With skin cloaks on our shoulders but our chests bare, Baldy and I loped off under a sliver of moon and a sky of looming, spinning stars. Though elders, we were both still young enough to make distance easy going. We got to the rocks that sheltered the Short-Faced Spring, the spring lying safe beneath the soil and the base of the standing stones, its fullness protected from being diminished by the avid sun. We were not so very far from where Stark and I had secreted the feather shoes and implements of punishment.
Baldy let me get my breath. We both needed breath for this. “Oh, why did they give us this shit?” Baldy asked hoarsely. He began groaning out a chant invoking someone with heavenly power to stand between us and the evil stone, between us and the vile eye.

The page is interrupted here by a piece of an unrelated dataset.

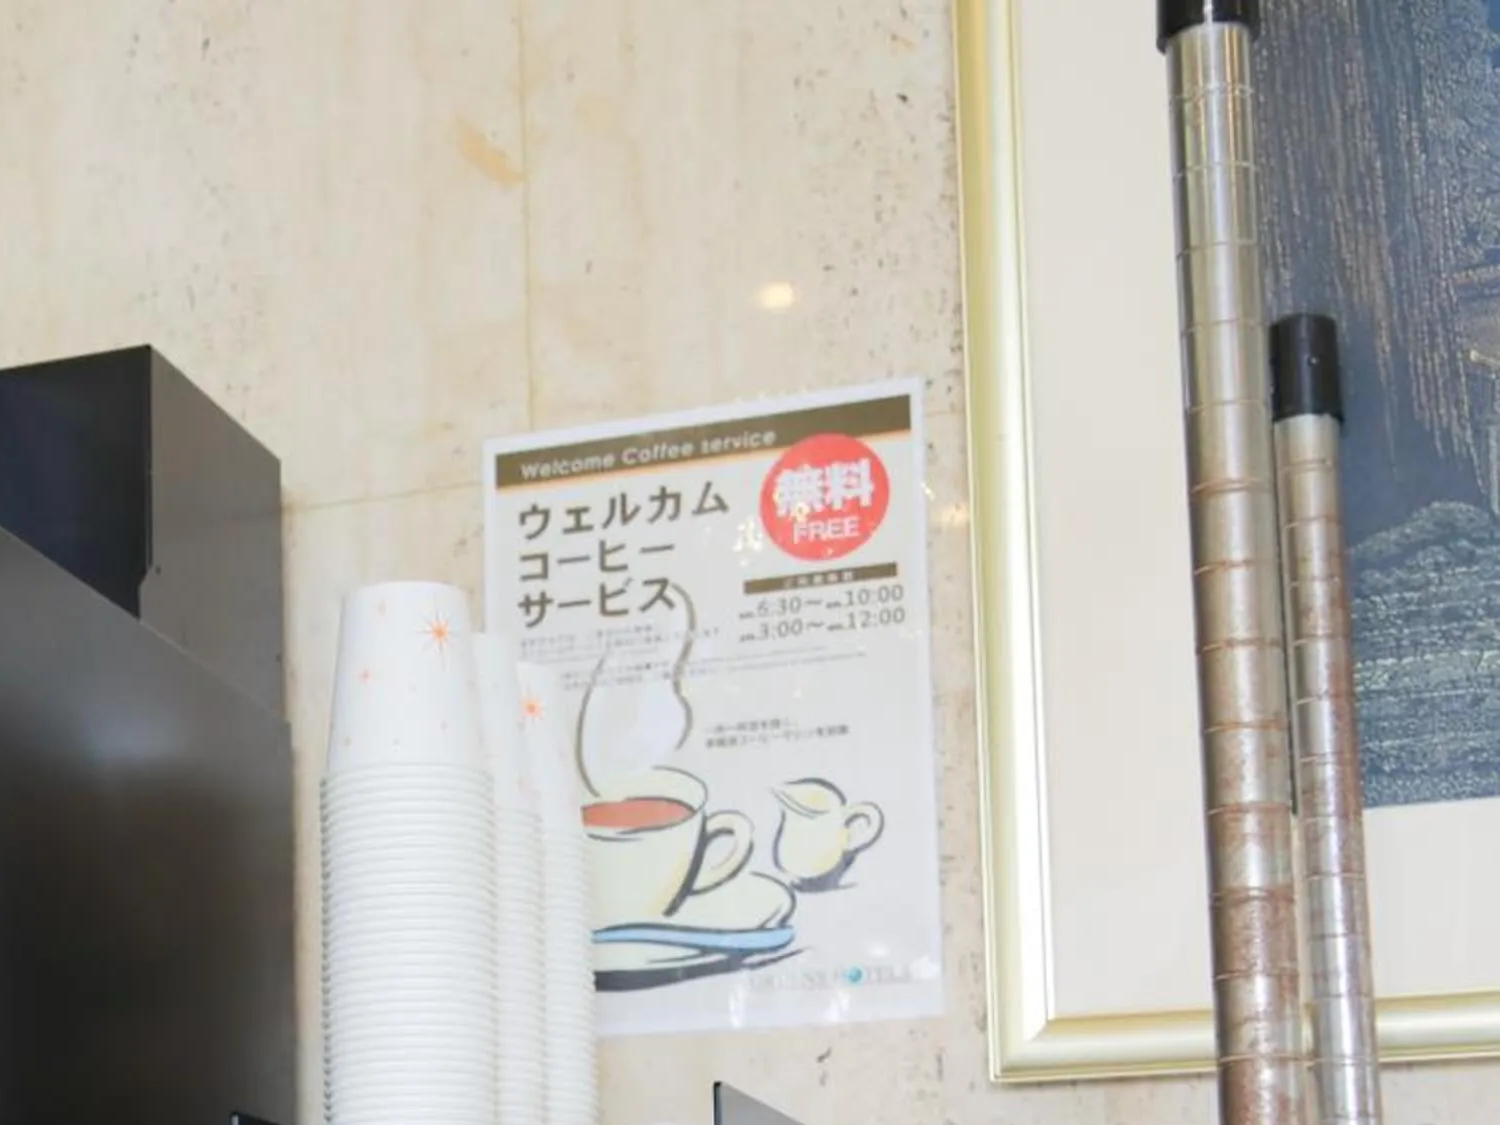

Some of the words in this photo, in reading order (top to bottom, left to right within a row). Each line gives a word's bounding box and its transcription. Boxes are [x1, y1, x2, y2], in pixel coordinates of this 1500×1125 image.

He circled in on the Morningside rocks of the spring, and went around the site three times, closer and closer in, and turning the last time, he knew he could not delay too long. So he reached down amongst the rocks with the face of a man whose duty it is to extract a plump adder, coming up with a lump of something wrapped in bounder felt. “I have put the most powerful tokens with it,” said Baldy.
As he unwrapped the things, I saw the ancient embodiment of spirits compacted into wood by powers beyond us, but left with us for our protection. These wooden and stone pieces that were as long as a man’s arm. He knelt down by me as he unwrapped the felt, and paused and retrieved one of the amulets, and paused again and then continued.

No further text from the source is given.